I have ohmed everything it all checks out ok but still no heat all thermostats at o ohms, element at 9 ohms, timer at 0 ohms, heater for operating thermostat at 8000 ohms, 120 volts on both legs of the outlet I dont know what else to check and would appreciate any help. Soory a few more things to add I am showing power to the heating element on both sides whether the dryer is running or not and I tried disconnecting the heater wires for the operating thermostat and tried to run still no heat also getting power on both sides at the power strip. It is a whirlpool electric dryer sorry I cant find the model number
This may help you find a model number
http://www.appliancepartspros.com/modelnumber_locator.aspx
You said you saw 120 volts on both sides of the line but did you measure from L2 to L2 to be sure that you have 240 volts. Often when using Neutral as the reference you will see the same side of the line (120) just about everywhere because it is feeding back through the different parts.
Try flipping the breaker off/on slowly a couple times.
Sometimes you can loose half the line without actually tripping the breaker.

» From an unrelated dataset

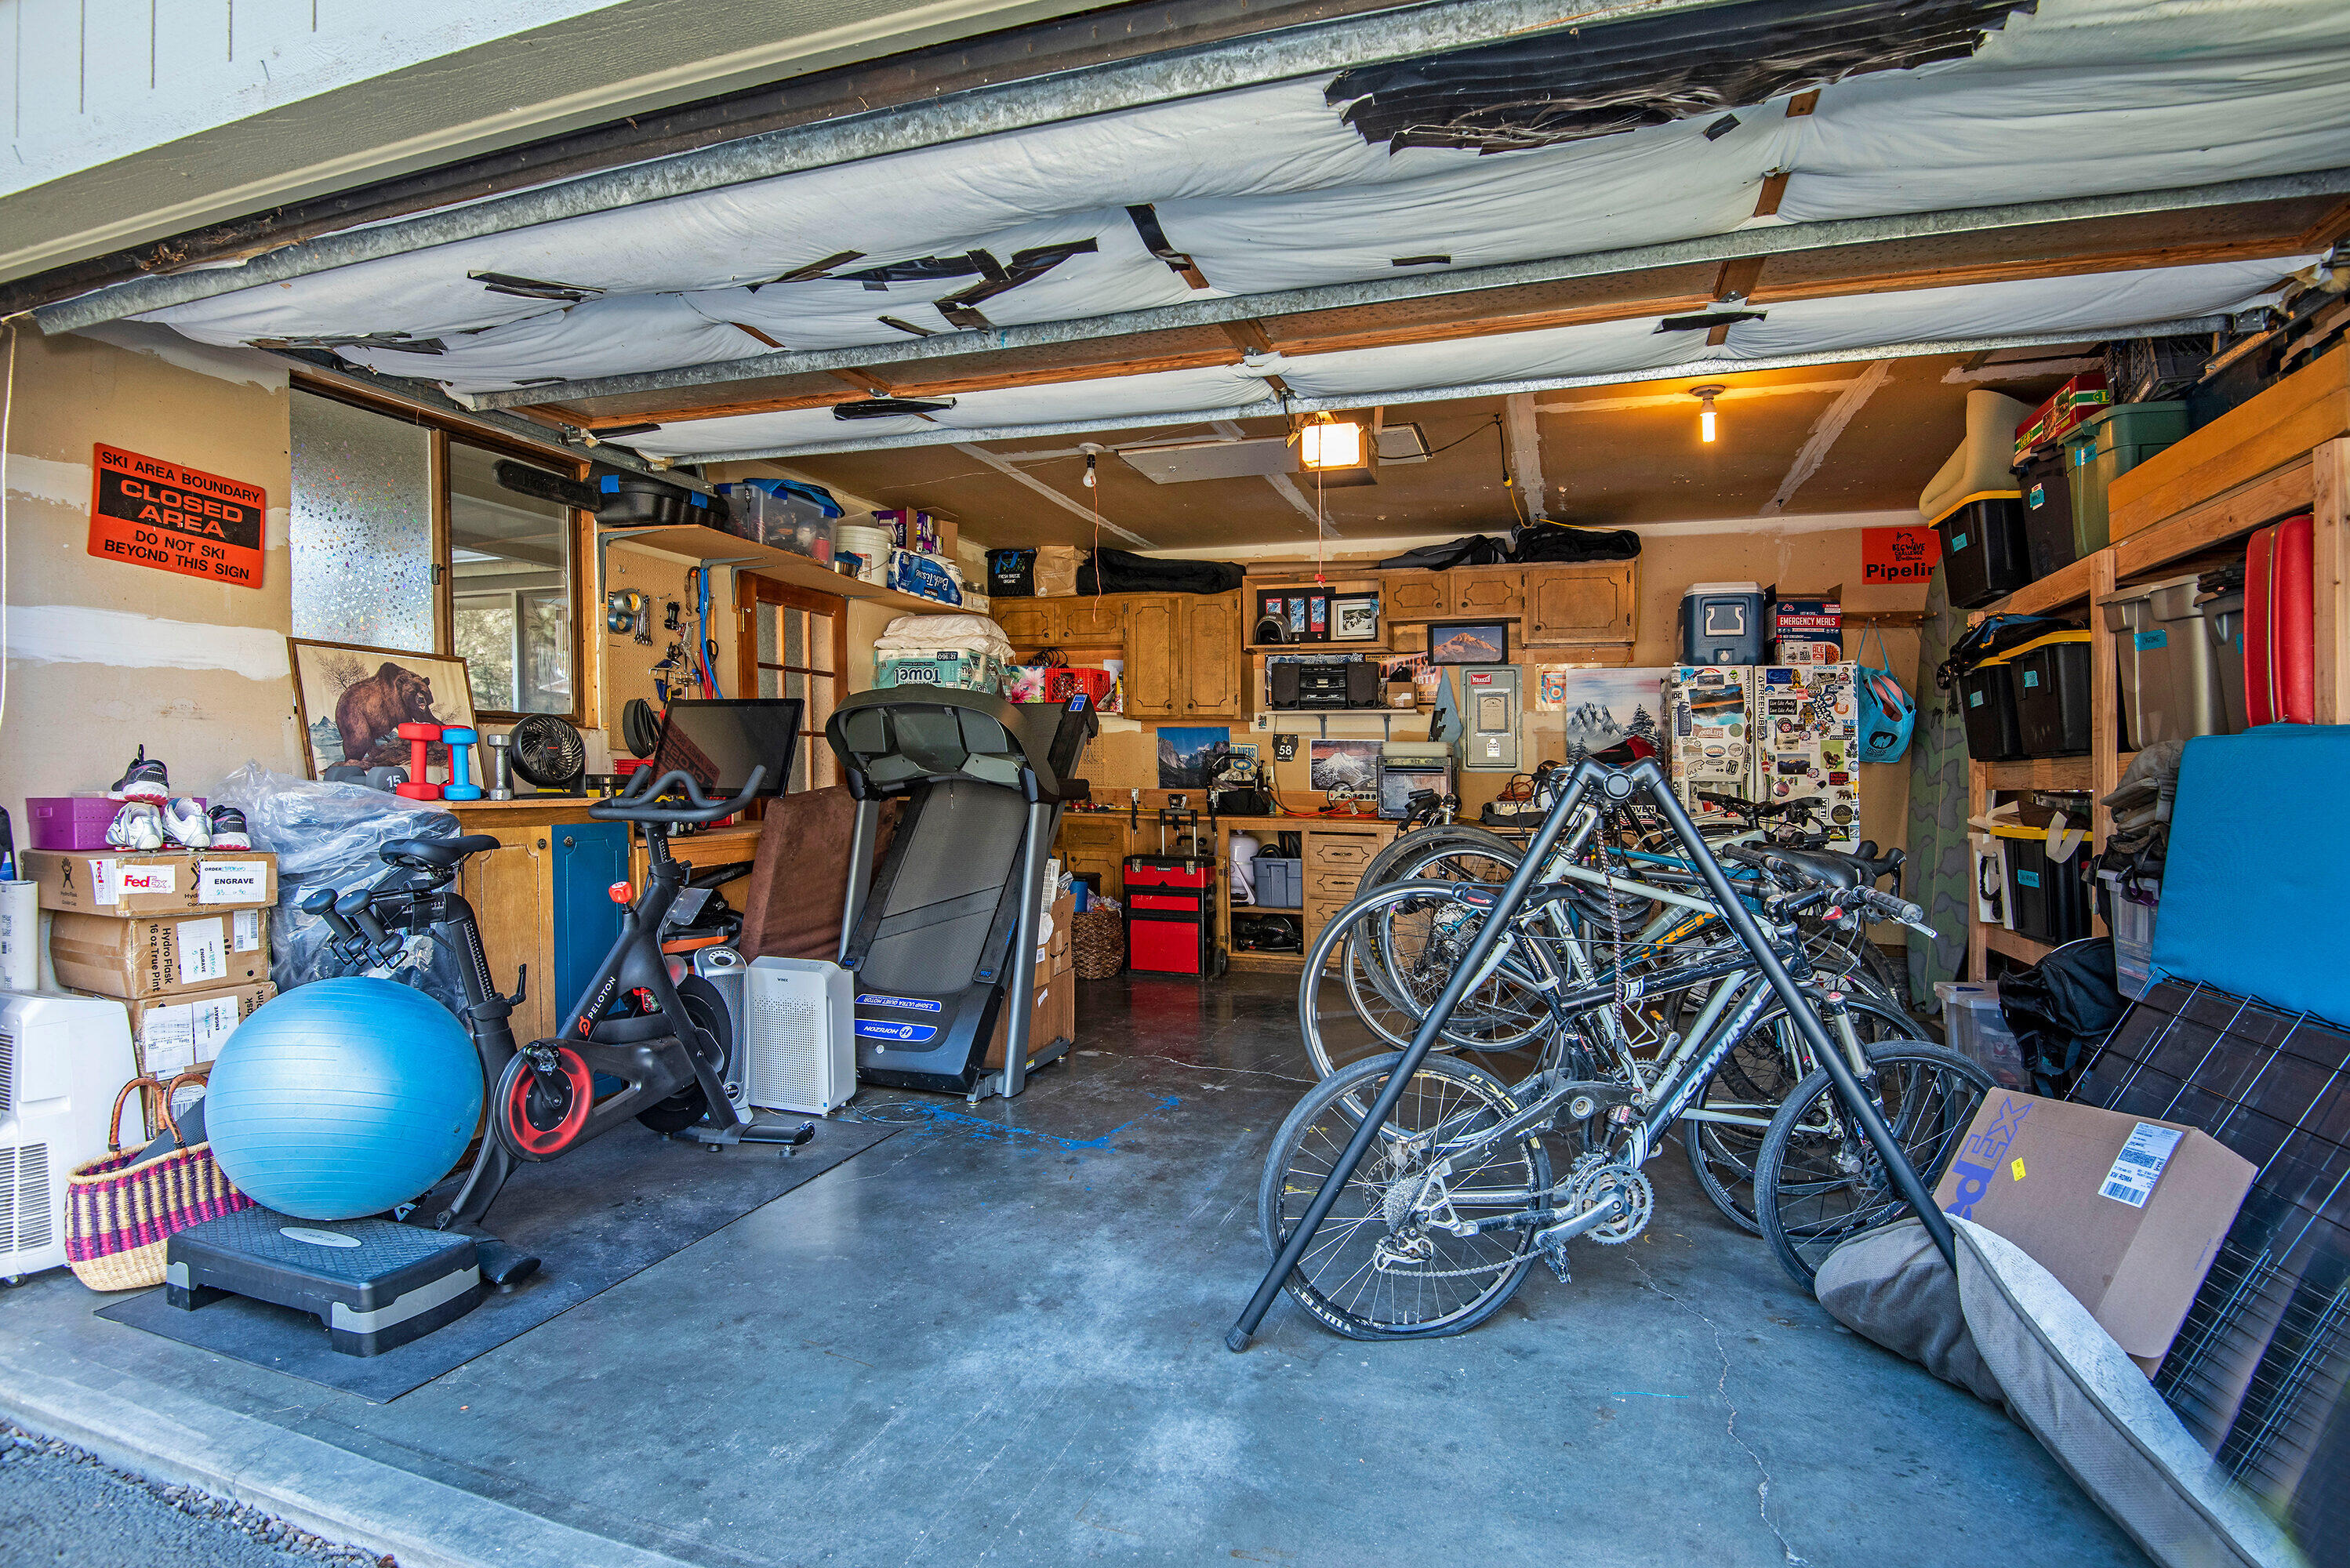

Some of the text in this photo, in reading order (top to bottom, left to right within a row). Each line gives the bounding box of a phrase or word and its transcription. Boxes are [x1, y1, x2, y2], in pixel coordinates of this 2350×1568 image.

If this does nothing, check the voltage at the plug
L1 to L2 should be 240 volts
L1 to Neutral and L2 to Neutral, both should be 120 volts.
If OK
Unplug the unit and check the wires at the terminal strip in the machine to make sure none are loose or burned out
If OK
Check the power at the terminal strip.
Do this with the heater off and on.
Be careful as 240 volts is lethal !!!
A wiring diagram would be a big help here so hopefully you can find a model number. You could then measure from the plug to see where you loose continuity. Check in the control console for the wiring diagram they like to store them in there.
If you are confident that the heater, timer, thermostats and thermal cutoff are OK then what is left is a bad wire or the centrifugal switch on the motor.

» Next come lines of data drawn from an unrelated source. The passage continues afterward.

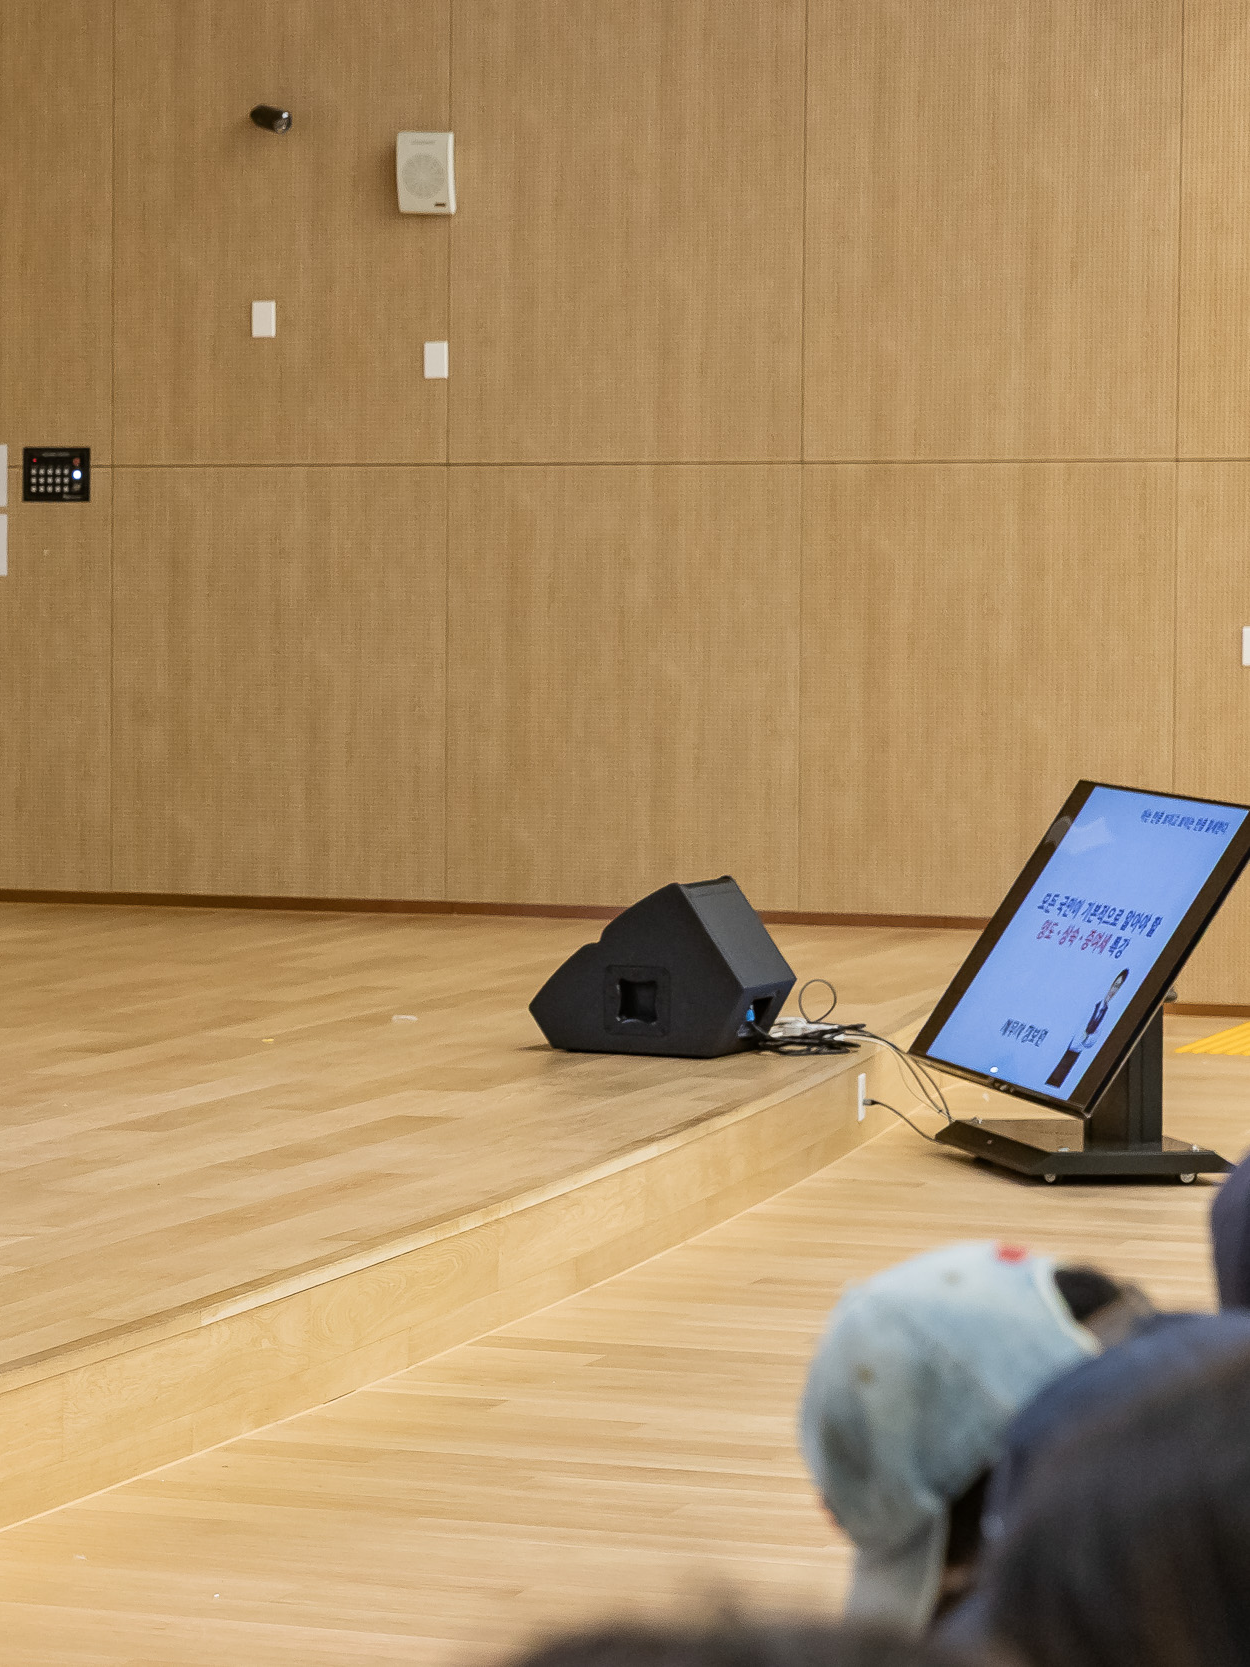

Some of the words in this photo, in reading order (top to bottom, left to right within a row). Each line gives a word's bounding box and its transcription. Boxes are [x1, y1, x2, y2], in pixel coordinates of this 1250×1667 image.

[1037, 893, 1060, 914] 모든
[1056, 895, 1086, 920] 국민이
[1081, 901, 1125, 926] 기본적으로
[1119, 910, 1153, 934] 알아야
[1108, 936, 1131, 959] 특강

The motor has 2 centrifugal switches, they are activated when the motor gets close to operating speed. One switches out he motor’s start winding but the other one switches in the heating element. This ensures that the heater does not come on before there is air flow.
You could unplug the unit and short the heater centrifugal wires together.
Tape them so they cannot short to anything or touch anything when the motor starts up. They are usually the larger two red wires,
Then plug it in and give it a try.
If you do this with the drum removed do not let it run very long as there will be no air flow over the heating coils and the thermal cutout will blow.
If you now have heat then either the switch is toast or the mechanical centrifugal mechanism in the motor is not closing it.
On most units you cannot get just the switch so the motor has to be replaced.
model number is LER4634EQ2 I tried jumping the red wires on the motor still nothing so I put in a different motor still nothing. when I try to meter from L1 to L2 I dont show anything on my meter It is a analog meter though. I tried the breaker trick still nothing getting power to both legs at the strip. I do not think the problem is with the power though previous dryer worked fine until I got ride of it. Anything else you can think of.